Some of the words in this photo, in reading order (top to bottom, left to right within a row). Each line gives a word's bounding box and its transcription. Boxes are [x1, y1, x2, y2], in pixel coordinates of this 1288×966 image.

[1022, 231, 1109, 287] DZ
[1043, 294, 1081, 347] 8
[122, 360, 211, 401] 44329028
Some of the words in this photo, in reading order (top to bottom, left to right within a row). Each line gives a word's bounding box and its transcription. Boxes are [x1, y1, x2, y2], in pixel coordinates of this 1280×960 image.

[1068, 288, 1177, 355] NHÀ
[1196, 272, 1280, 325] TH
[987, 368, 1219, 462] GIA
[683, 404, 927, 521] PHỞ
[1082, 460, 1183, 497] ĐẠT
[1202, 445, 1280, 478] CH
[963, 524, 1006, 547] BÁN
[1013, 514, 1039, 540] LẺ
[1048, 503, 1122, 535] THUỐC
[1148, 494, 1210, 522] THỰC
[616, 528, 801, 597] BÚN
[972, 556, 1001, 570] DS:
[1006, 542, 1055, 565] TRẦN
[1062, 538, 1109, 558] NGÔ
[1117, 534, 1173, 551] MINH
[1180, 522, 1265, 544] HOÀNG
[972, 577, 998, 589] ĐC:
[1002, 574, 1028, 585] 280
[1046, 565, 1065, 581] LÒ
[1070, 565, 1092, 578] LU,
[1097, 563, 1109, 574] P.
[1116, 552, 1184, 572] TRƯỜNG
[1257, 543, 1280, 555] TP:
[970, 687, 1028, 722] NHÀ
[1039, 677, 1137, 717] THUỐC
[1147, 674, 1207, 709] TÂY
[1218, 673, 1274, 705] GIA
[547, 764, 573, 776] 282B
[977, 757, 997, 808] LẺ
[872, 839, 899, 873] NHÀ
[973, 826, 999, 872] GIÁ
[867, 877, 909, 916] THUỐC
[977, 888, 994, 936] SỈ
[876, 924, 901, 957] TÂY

::::

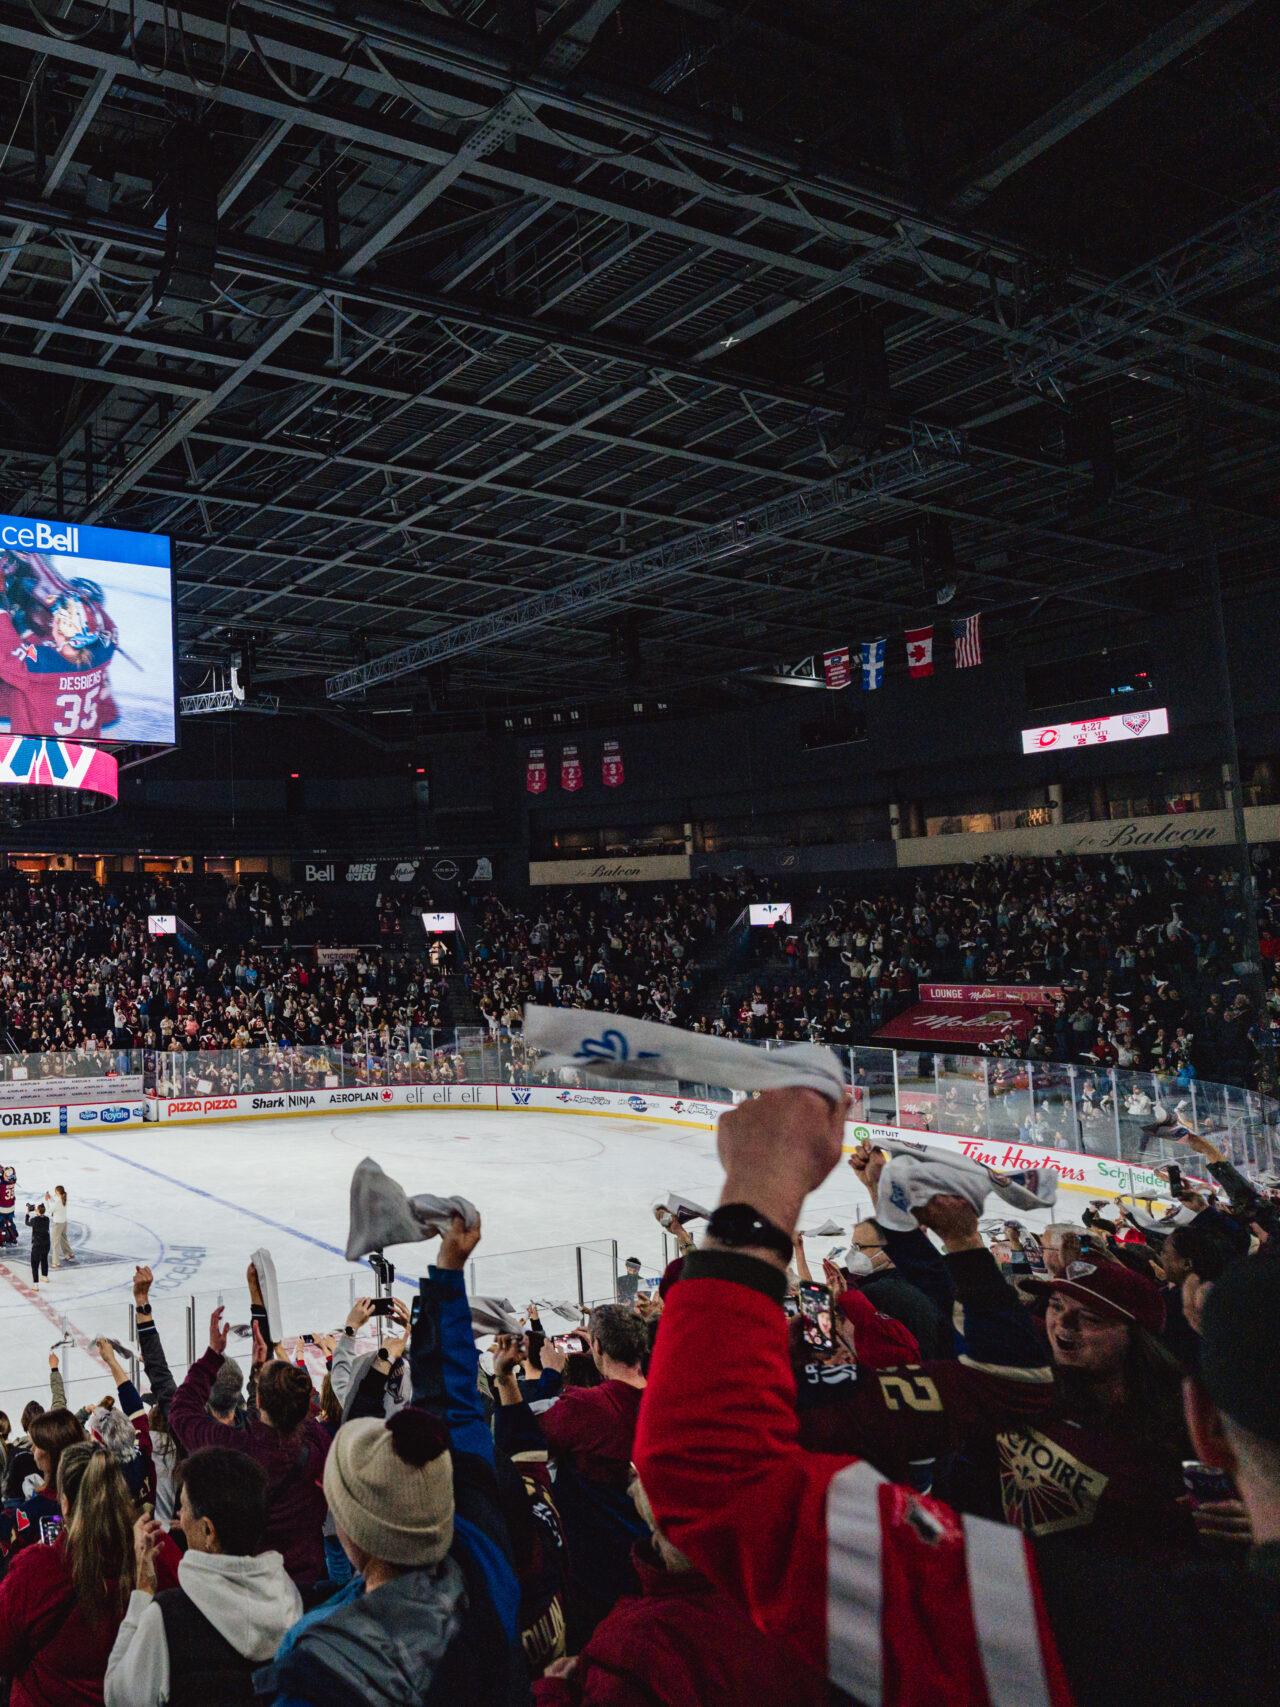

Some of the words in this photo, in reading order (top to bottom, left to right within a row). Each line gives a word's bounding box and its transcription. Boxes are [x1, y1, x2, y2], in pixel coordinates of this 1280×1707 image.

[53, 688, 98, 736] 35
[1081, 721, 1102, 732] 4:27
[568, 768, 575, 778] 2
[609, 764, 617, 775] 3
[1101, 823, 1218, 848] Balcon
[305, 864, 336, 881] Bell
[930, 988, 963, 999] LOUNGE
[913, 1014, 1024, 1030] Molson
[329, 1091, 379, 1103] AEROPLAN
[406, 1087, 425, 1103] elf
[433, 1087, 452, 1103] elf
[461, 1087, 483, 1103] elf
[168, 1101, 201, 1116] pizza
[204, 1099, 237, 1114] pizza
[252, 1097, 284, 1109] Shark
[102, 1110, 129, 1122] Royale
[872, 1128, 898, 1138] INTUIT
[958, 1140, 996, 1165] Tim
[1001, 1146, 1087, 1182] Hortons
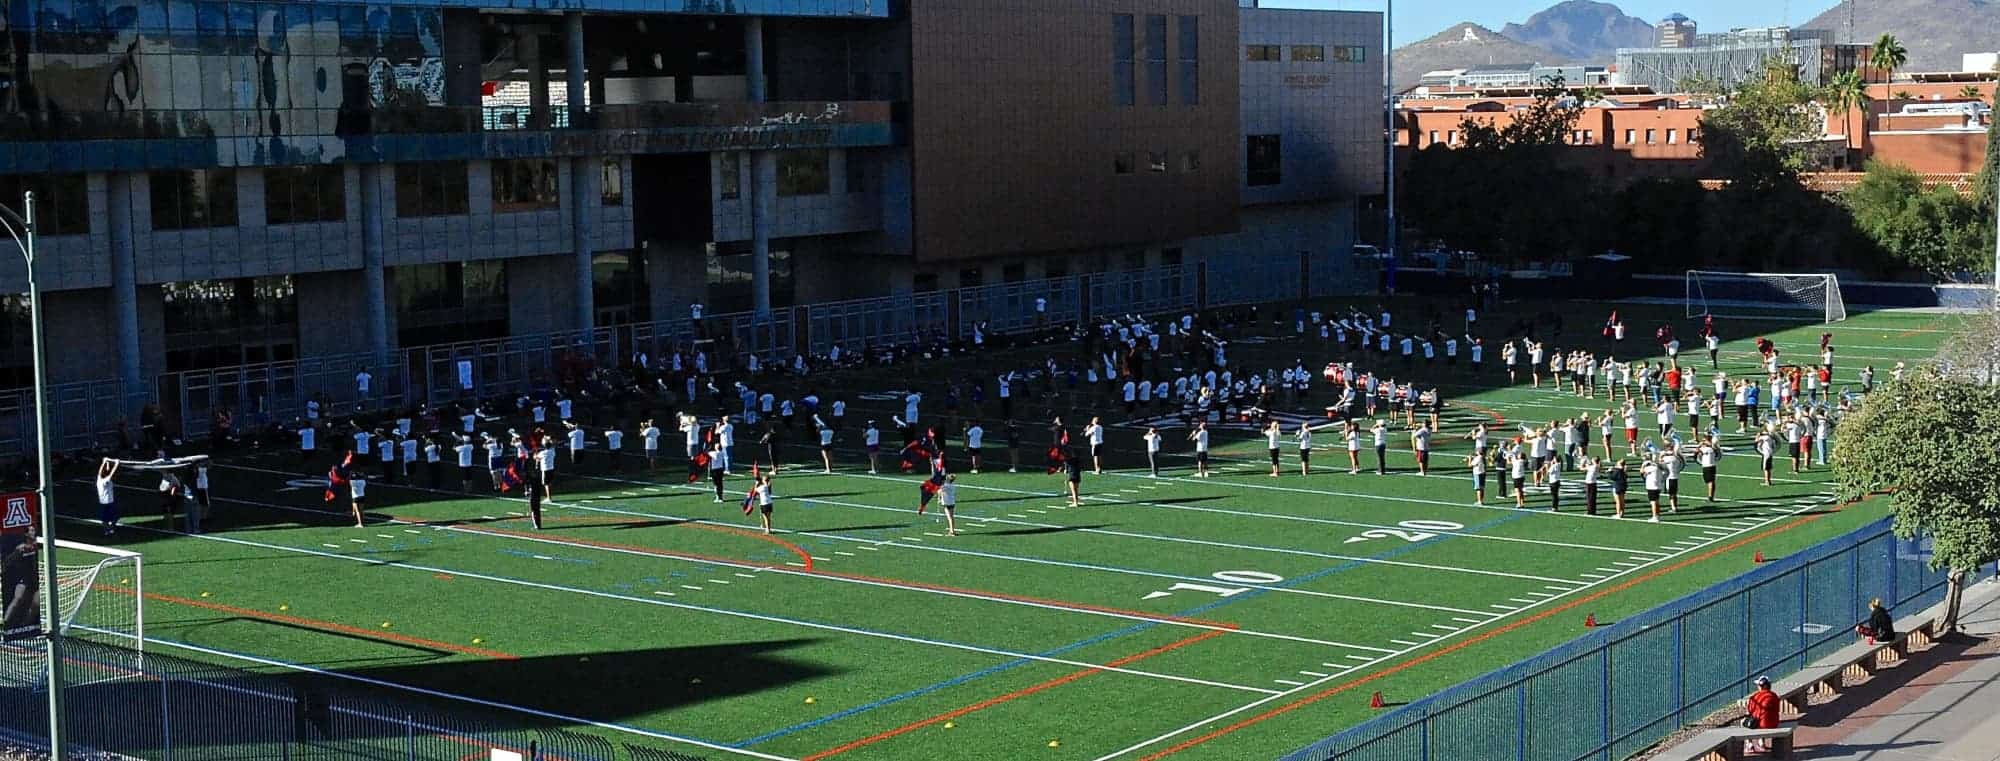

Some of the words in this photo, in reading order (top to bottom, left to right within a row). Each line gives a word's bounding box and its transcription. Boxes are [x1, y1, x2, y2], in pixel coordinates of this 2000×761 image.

::::

### Work order
Go down the entries above from the line containing "this 1280×1707 image." to the line containing "this 2000×761 image." and write out each line exactly, leaving pictures out.

### Answer area
Some of the words in this photo, in reading order (top to bottom, left to right within a row). Each line gives a word's bounding box and its transcription. Boxes are [x1, y1, x2, y2], in pixel coordinates of this 1280×1707 image.

[53, 688, 98, 736] 35
[1081, 721, 1102, 732] 4:27
[568, 768, 575, 778] 2
[609, 764, 617, 775] 3
[1101, 823, 1218, 848] Balcon
[305, 864, 336, 881] Bell
[930, 988, 963, 999] LOUNGE
[913, 1014, 1024, 1030] Molson
[329, 1091, 379, 1103] AEROPLAN
[406, 1087, 425, 1103] elf
[433, 1087, 452, 1103] elf
[461, 1087, 483, 1103] elf
[168, 1101, 201, 1116] pizza
[204, 1099, 237, 1114] pizza
[252, 1097, 284, 1109] Shark
[102, 1110, 129, 1122] Royale
[872, 1128, 898, 1138] INTUIT
[958, 1140, 996, 1165] Tim
[1001, 1146, 1087, 1182] Hortons

Some of the words in this photo, in reading order (top to bottom, left to right within a row). Each line gives a word's bounding box and its transcription. Boxes are [x1, y1, x2, y2], in pixel coordinates of this 2000×761 image.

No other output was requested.